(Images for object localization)
= Beginning of Section =
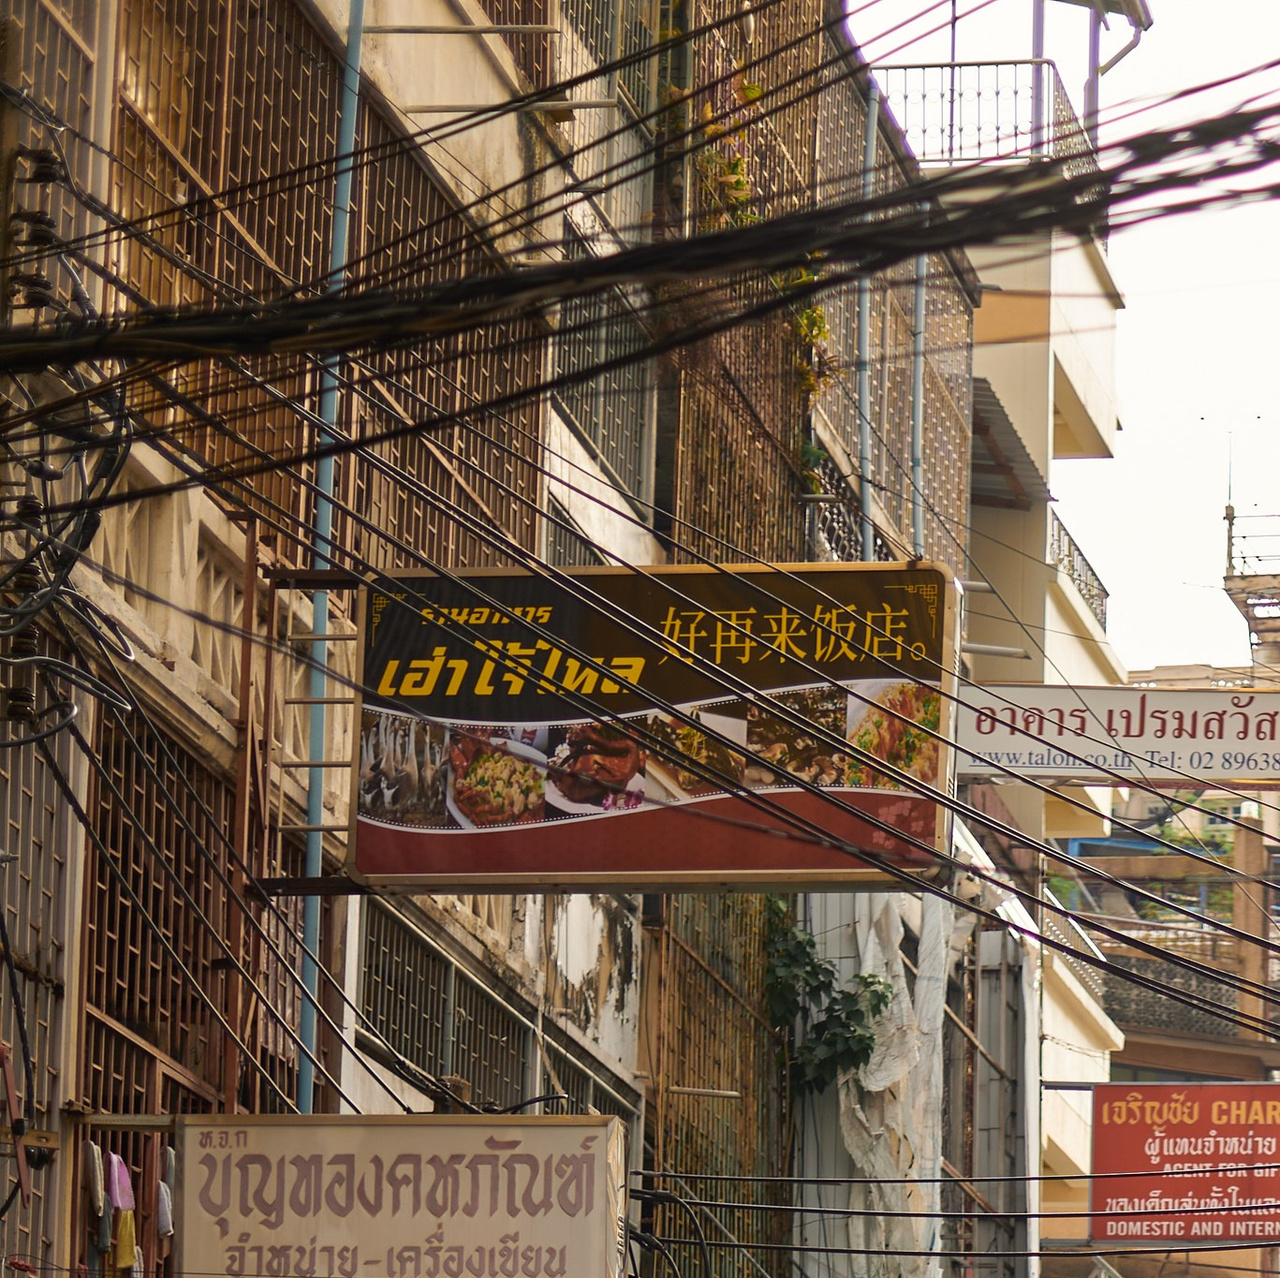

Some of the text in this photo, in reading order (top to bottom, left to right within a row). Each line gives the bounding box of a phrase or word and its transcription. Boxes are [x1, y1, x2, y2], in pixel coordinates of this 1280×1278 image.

[974, 705, 1087, 738] อาคาร
[1145, 750, 1182, 770] Tel:
[1189, 751, 1215, 771] 02
[1102, 1091, 1200, 1126] เจริญชัย
[1144, 1125, 1277, 1164] ผู้แทนจำหน่าย
[1162, 1163, 1213, 1178] AGENT
[1217, 1163, 1248, 1178] FOR
[1107, 1221, 1185, 1236] DOMESTIC
[1191, 1221, 1224, 1236] AND
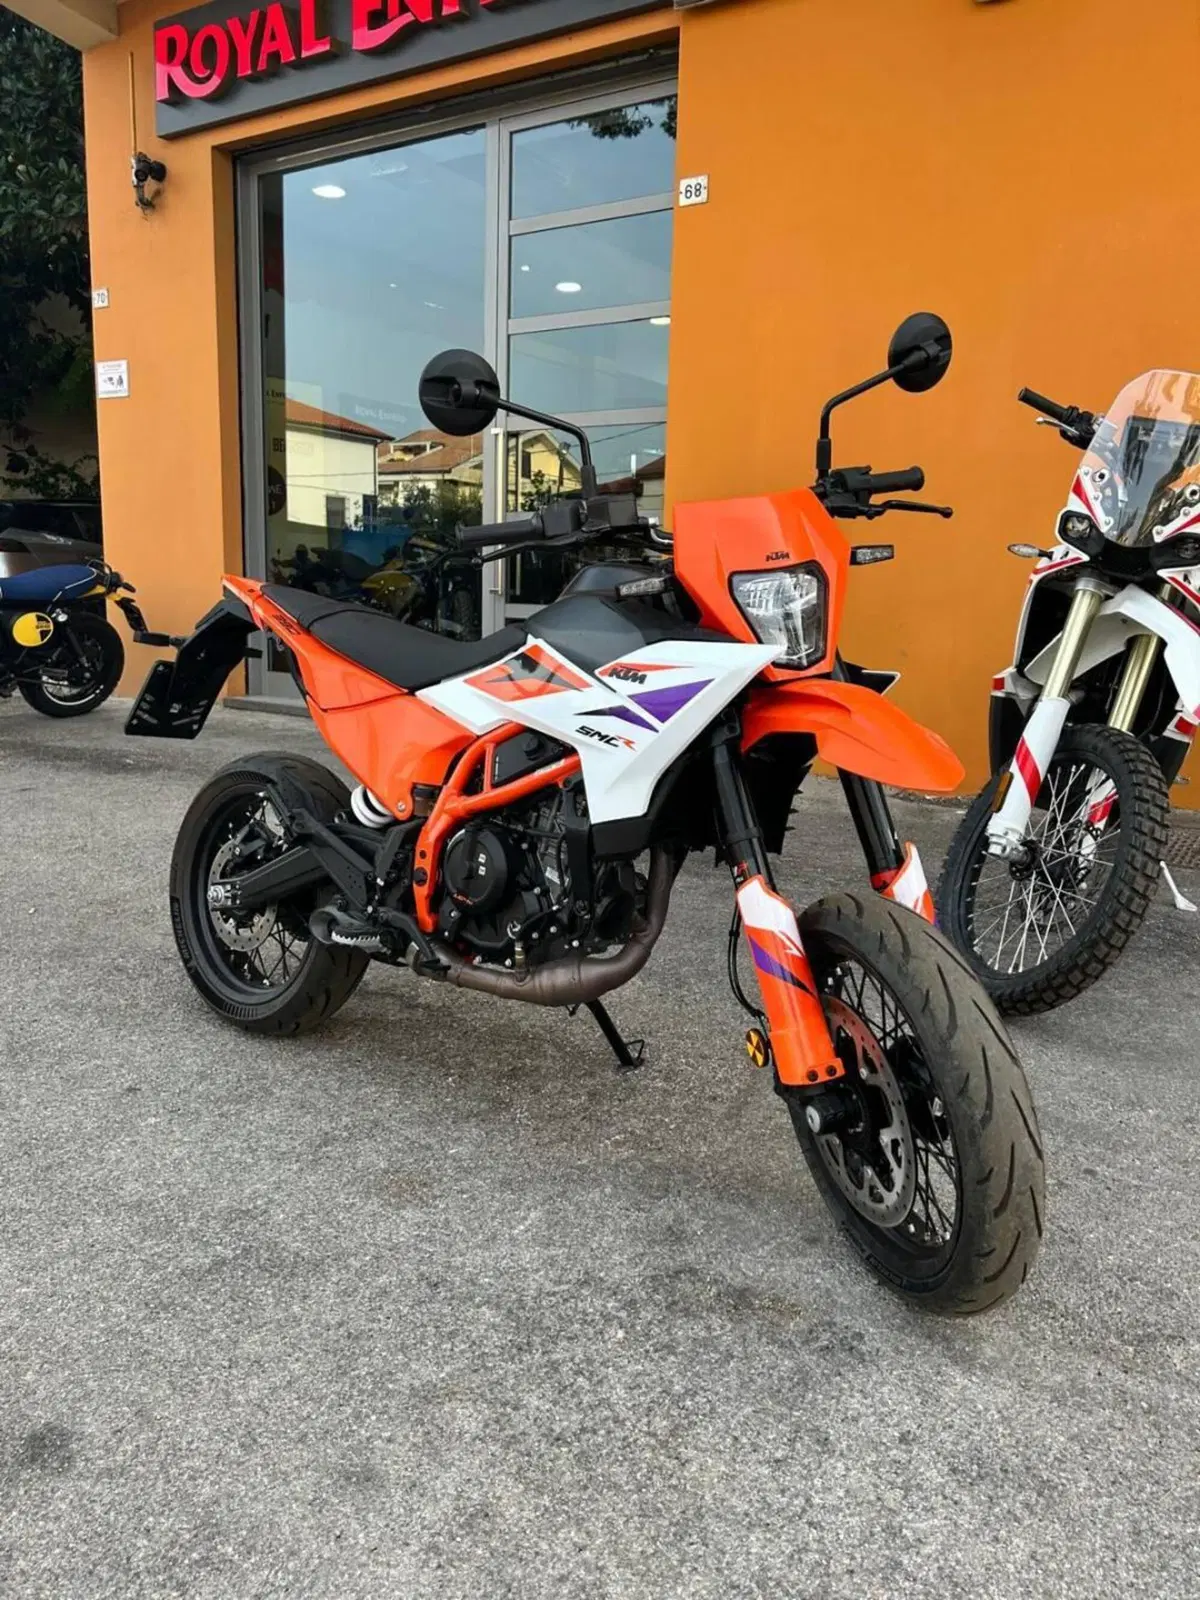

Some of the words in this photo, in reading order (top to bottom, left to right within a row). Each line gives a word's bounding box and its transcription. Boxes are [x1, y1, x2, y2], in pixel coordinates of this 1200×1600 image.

[155, 0, 331, 101] ROYAL
[684, 182, 702, 199] 68
[766, 551, 790, 562] KTM
[608, 666, 647, 684] KTM
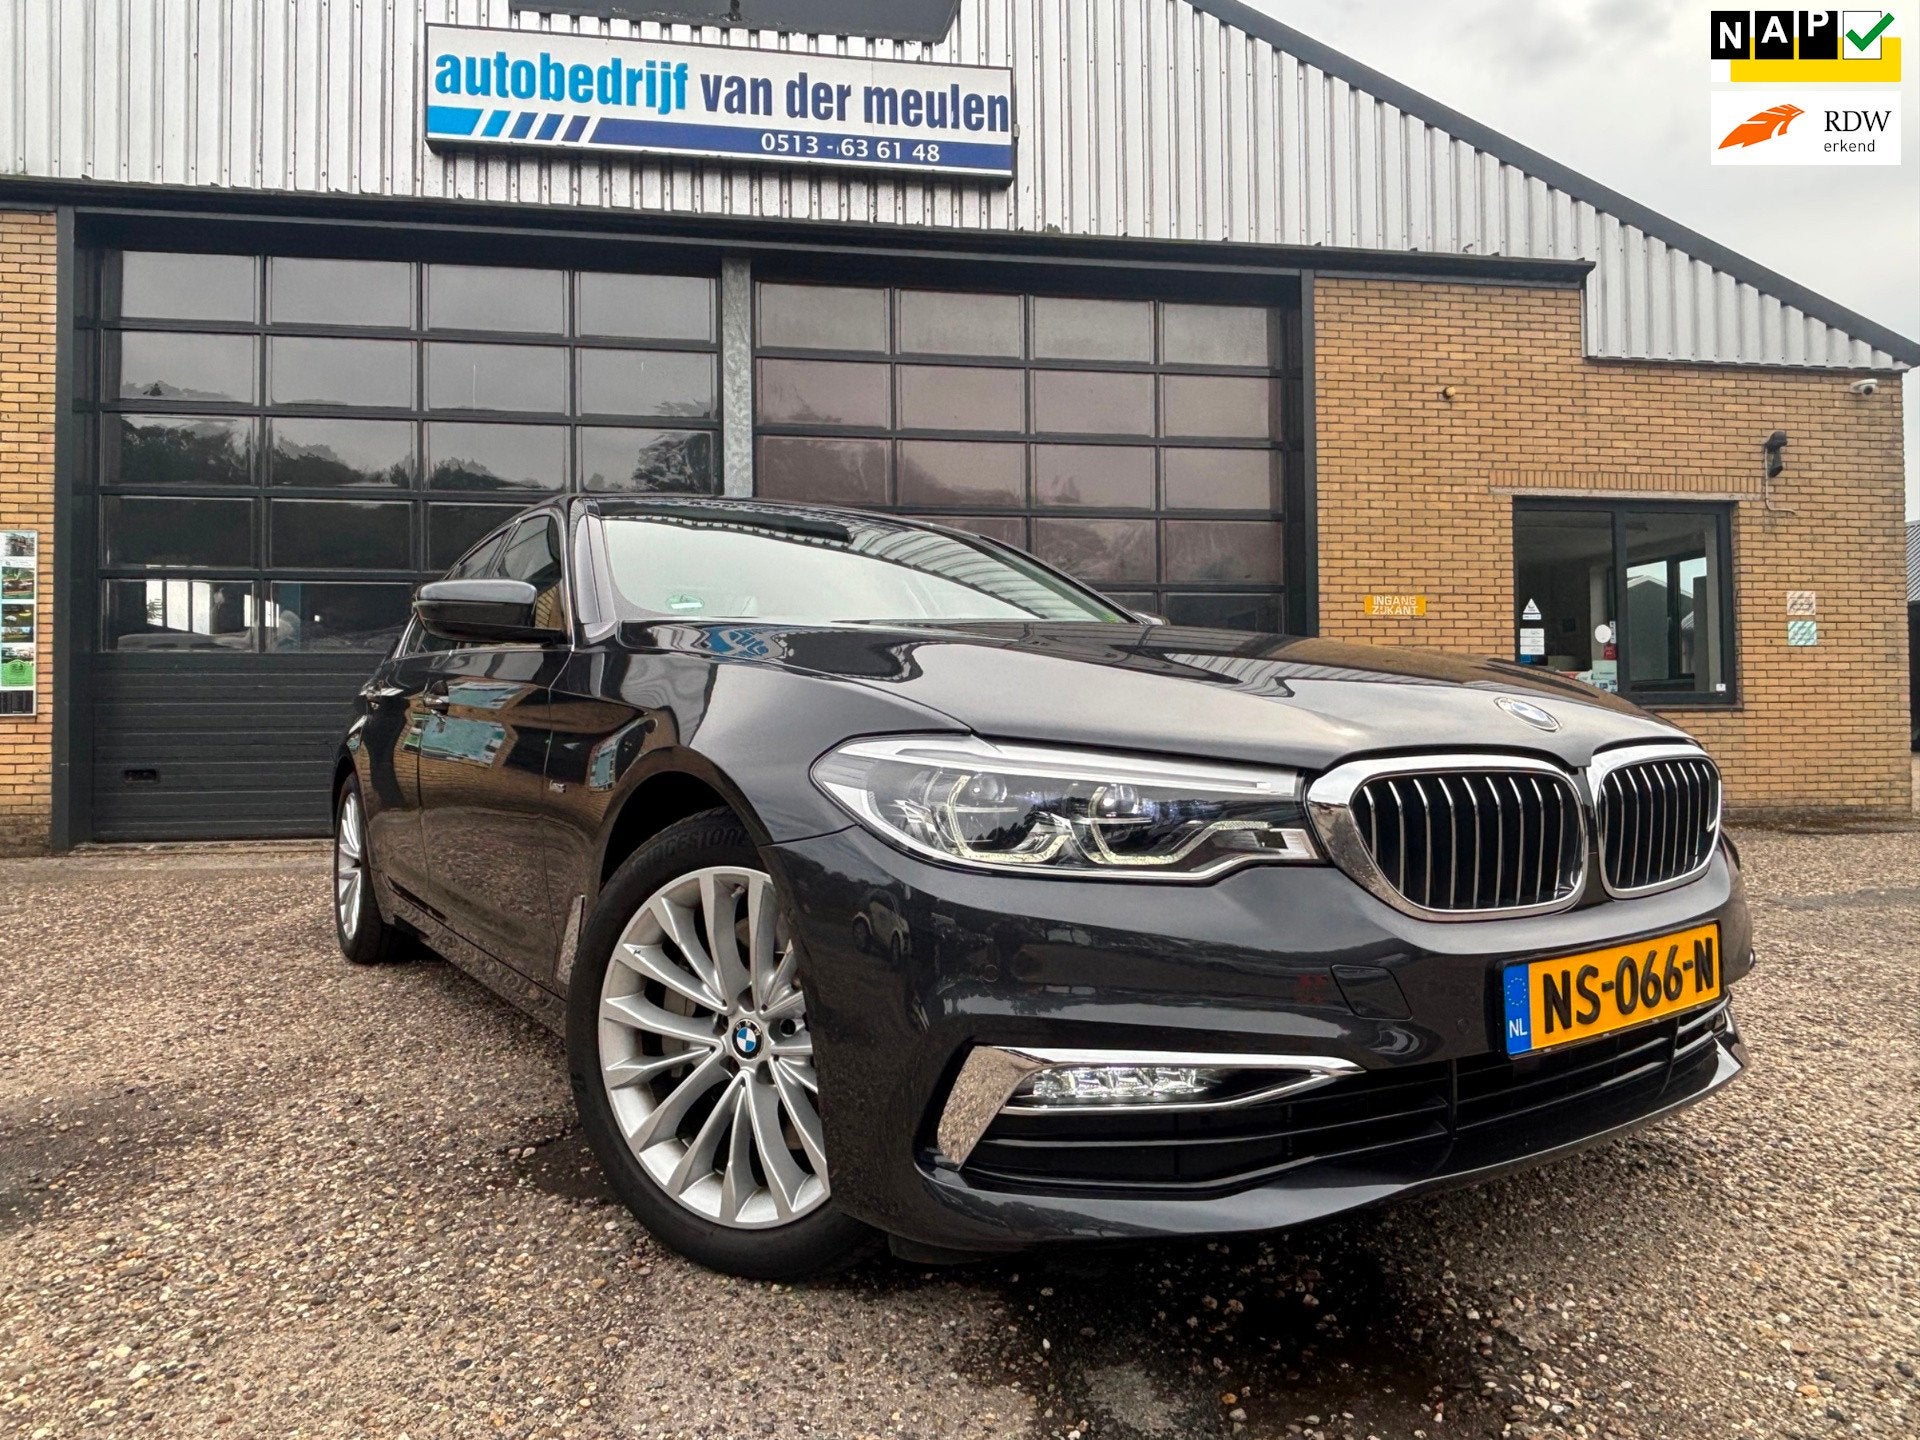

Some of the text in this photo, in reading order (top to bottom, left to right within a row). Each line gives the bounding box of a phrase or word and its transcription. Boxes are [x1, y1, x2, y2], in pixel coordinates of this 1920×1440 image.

[435, 51, 1009, 133] autobedrijf van der meulen
[760, 132, 819, 155] 0513
[840, 138, 869, 158] 63
[876, 141, 901, 160] 61
[912, 144, 940, 162] 48
[1373, 594, 1417, 606] INGANG
[1542, 937, 1714, 1034] NS-066-N
[1508, 1017, 1528, 1039] NL
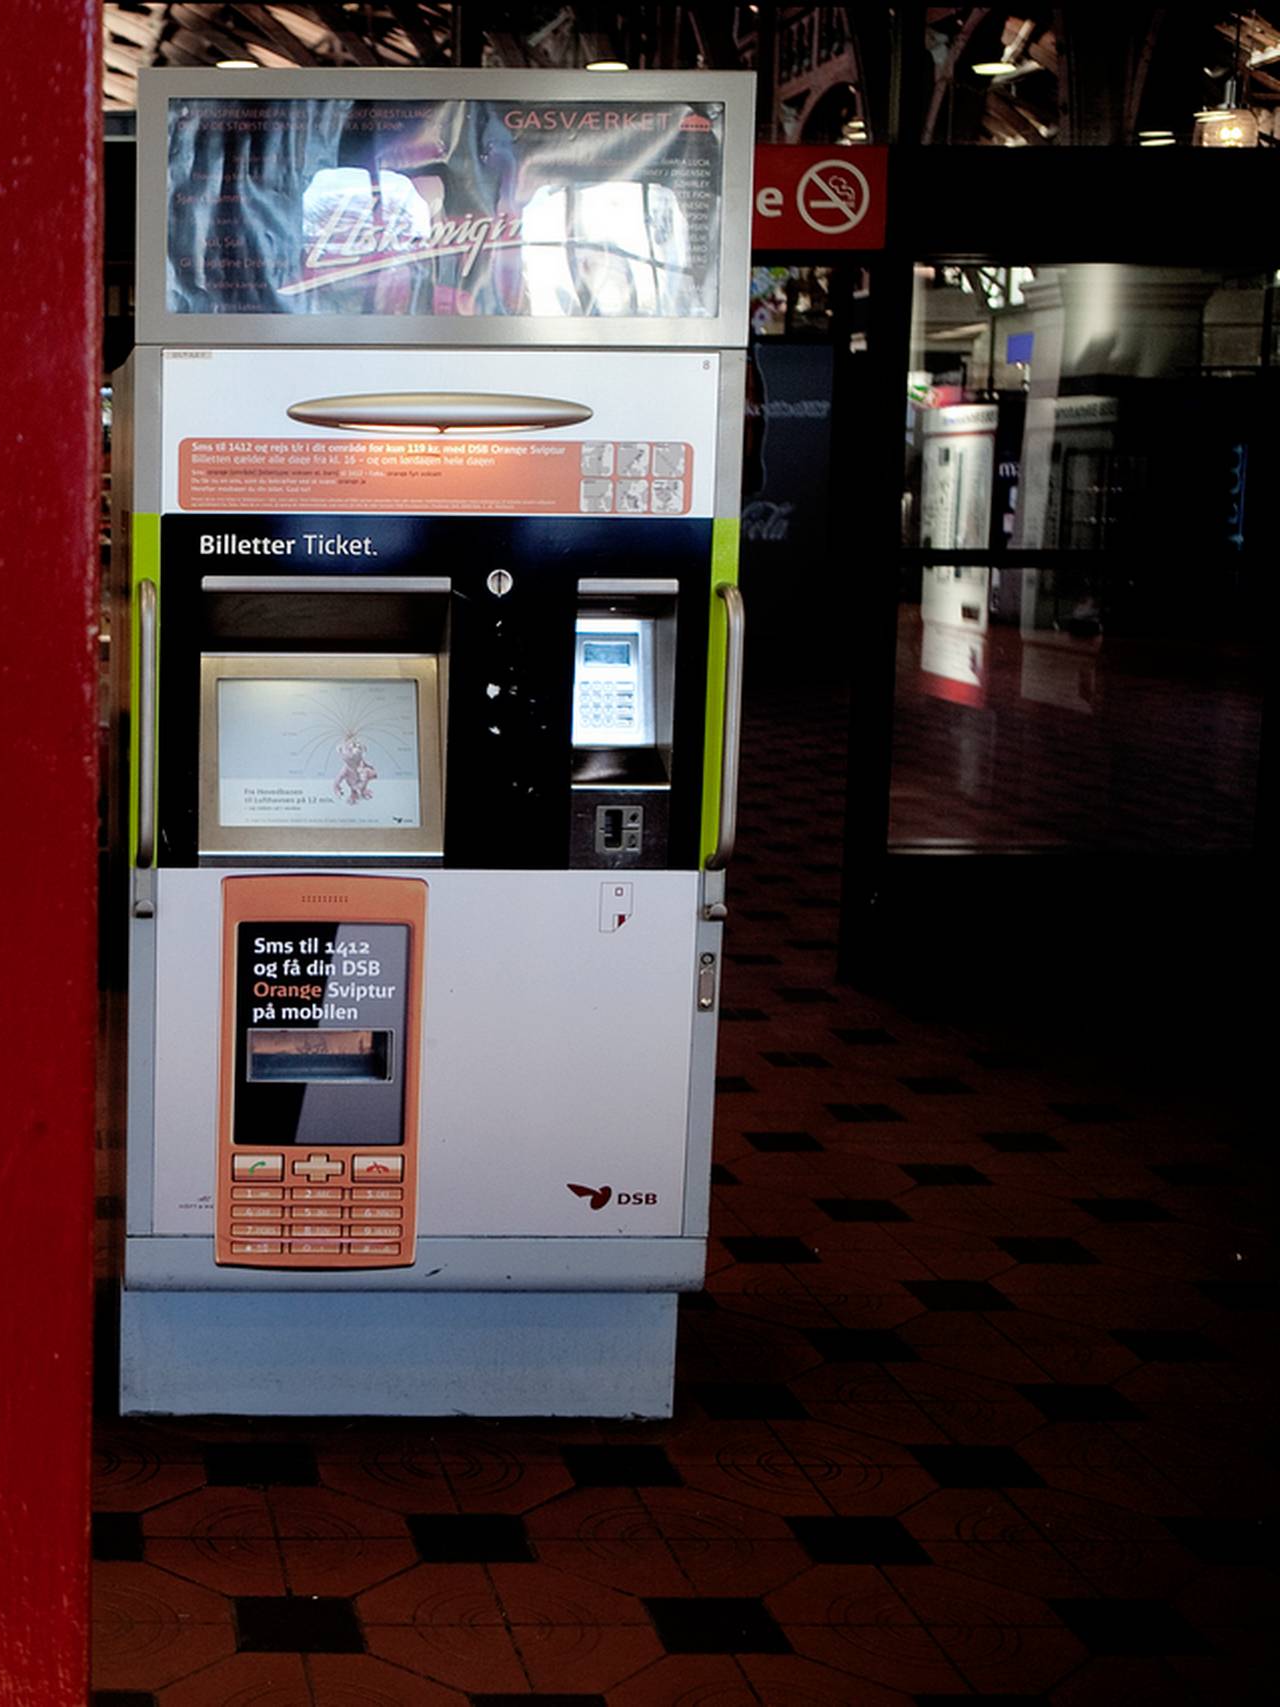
= End of Section =
● **What is being asked**
Output nothing except an exact copy of the records above, with the images left out.

● **Answer area**
Some of the text in this photo, in reading order (top to bottom, left to right within a row). Each line gives the bounding box of a phrase or word and its transcription. Boxes are [x1, y1, x2, y2], in pixel coordinates of this 1280×1278 image.

[974, 705, 1087, 738] อาคาร
[1145, 750, 1182, 770] Tel:
[1189, 751, 1215, 771] 02
[1102, 1091, 1200, 1126] เจริญชัย
[1144, 1125, 1277, 1164] ผู้แทนจำหน่าย
[1162, 1163, 1213, 1178] AGENT
[1217, 1163, 1248, 1178] FOR
[1107, 1221, 1185, 1236] DOMESTIC
[1191, 1221, 1224, 1236] AND

Some of the words in this photo, in reading order (top to bottom, left to right within a row). Each line gives a word's bounding box and its transcription. Boxes are [x1, y1, x2, y2], in pixel coordinates of this 1200×1600 image.

[155, 0, 331, 101] ROYAL
[684, 182, 702, 199] 68
[766, 551, 790, 562] KTM
[608, 666, 647, 684] KTM

Some of the text in this photo, in reading order (top to bottom, left to right within a row). Each line gives the bounding box of a phrase or word and its transcription. Boxes are [x1, y1, x2, y2], in pixel coordinates of this 1920×1440 image.

[435, 51, 1009, 133] autobedrijf van der meulen
[760, 132, 819, 155] 0513
[840, 138, 869, 158] 63
[876, 141, 901, 160] 61
[912, 144, 940, 162] 48
[1373, 594, 1417, 606] INGANG
[1542, 937, 1714, 1034] NS-066-N
[1508, 1017, 1528, 1039] NL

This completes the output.